Good news on health insurance premiums
There’s good news if you live in one of the 36 states where the new Health Insurance Marketplaces will be run by the federal government: premiums will be lower than expected, with most uninsured people able to buy a plan for less than $100 a month.
When the marketplaces open for business on Oct. 1, residents of those states will, by and large, be able to choose from among many plans (an average of 53 in each state), with full-price premiums running an average of 16 percent less than budget experts projected, according to a report just out from the U.S. Department of Health and Human Services.
Better still, most uninsured people purchasing coverage in the marketplaces will be eligible either for tax credits to bring down the cost of the premiums, or in some of the states, free or nearly free Medicaid coverage.
That’s why HHS projects that nearly 6 in 10 will end up being able to purchase health insurance for less than $100 per person per month if they are willing to go with Bronze plans, which have the highest deductibles and copays.
The tax credits are a new kind that you can use right away to bring down the cost of your coverage. They’re calculated to guarantee that you won’t have to spend more than a specified percentage of your income to purchase the second-cheapest Silver (midprice) plan sold on your state’s exchange.
The exact value of the credit will vary from state to state according to how expensive that Silver plan is. In the 36 states the HHS report covered, the full-price premium for that plan for a family of four ranged from a low of $584 in Tennessee to a high of $1,237 in Wyoming. Once you’ve been told the size of your tax credit, you can use it to buy any plan on the marketplace. (Our free downloadable brochure explains exactly how the credits will work.)
Today is day 3 of our 100-day Health Reform Countdown. We’re getting ready for Jan.1, 2014, when the new health law takes full effect. See Day 1: Big changes coming and Day 2: Stay uninsured on purpose? Bad idea! For more, see our full coverage of health insurance and health reform.

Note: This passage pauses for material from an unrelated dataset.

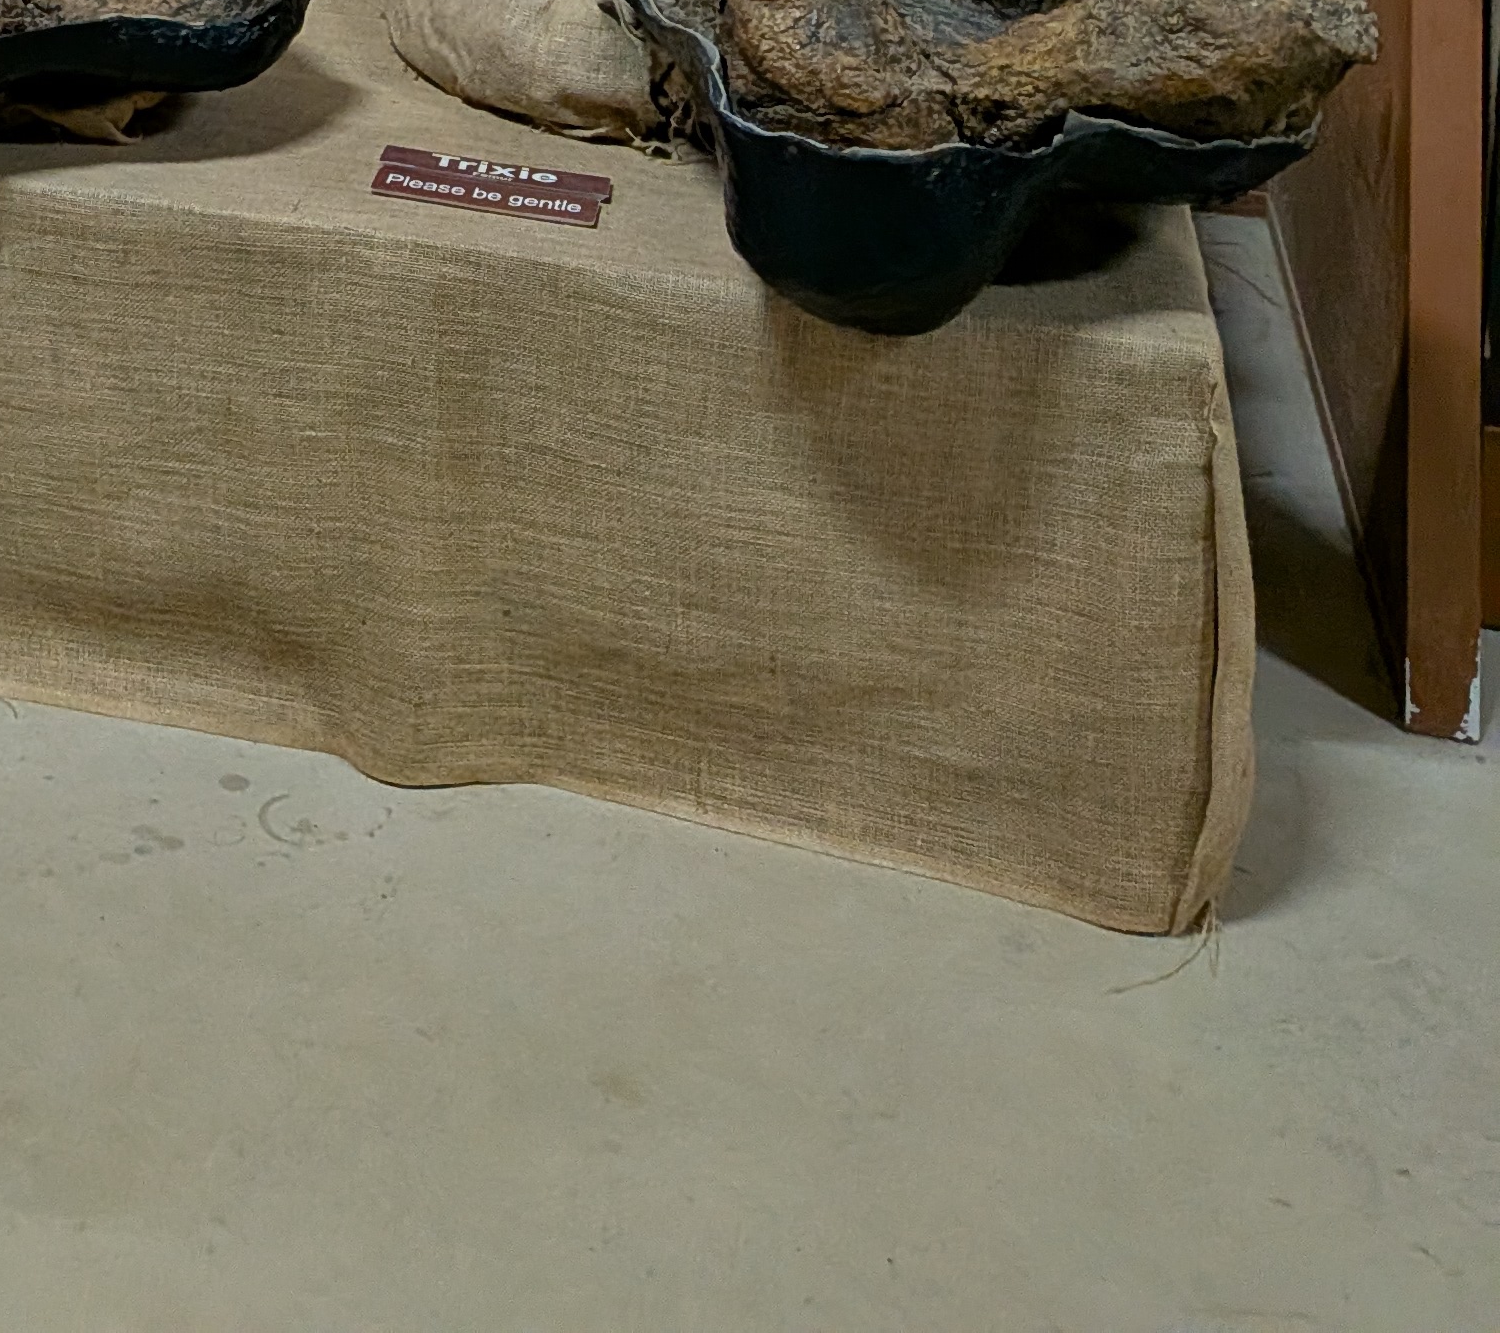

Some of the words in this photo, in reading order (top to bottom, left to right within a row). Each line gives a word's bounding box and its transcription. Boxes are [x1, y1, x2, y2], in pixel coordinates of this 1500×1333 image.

[431, 152, 558, 184] Trixie
[385, 173, 465, 196] Please
[473, 186, 501, 202] be
[509, 194, 582, 214] gentle

The HHS analysis shows just how valuable these tax credits can be to low- and moderate-income households. For instance, a family of four with an income of $50,000 living in Florida will get a tax credit of $507 a month, which will bring down the cost of that Silver plan from $789 to $282—for the entire family. If the family chooses to buy a lower-cost Bronze plan instead, it can apply its $507 credit and end up with a premium of $104 a month.
A 27-year-old earning $25,000 will have the cost of a Silver plan capped at $145 a month. In Alaska, that translates into a credit of $205 a month, which the young adult can turn around and use to buy a Bronze plan for only $48 a month.
And remember, this is for good coverage that takes care of all essential health benefits, such as doctors, hospitals, prescription drugs, outpatient tests and treatments, maternity care, and mental health care. By contrast, many “affordable” health plans sold to individuals today are low in cost only because they have extremely high deductibles ($10,000 or more is common) or don’t cover major benefits such as prescription drugs or outpatient doctor visits.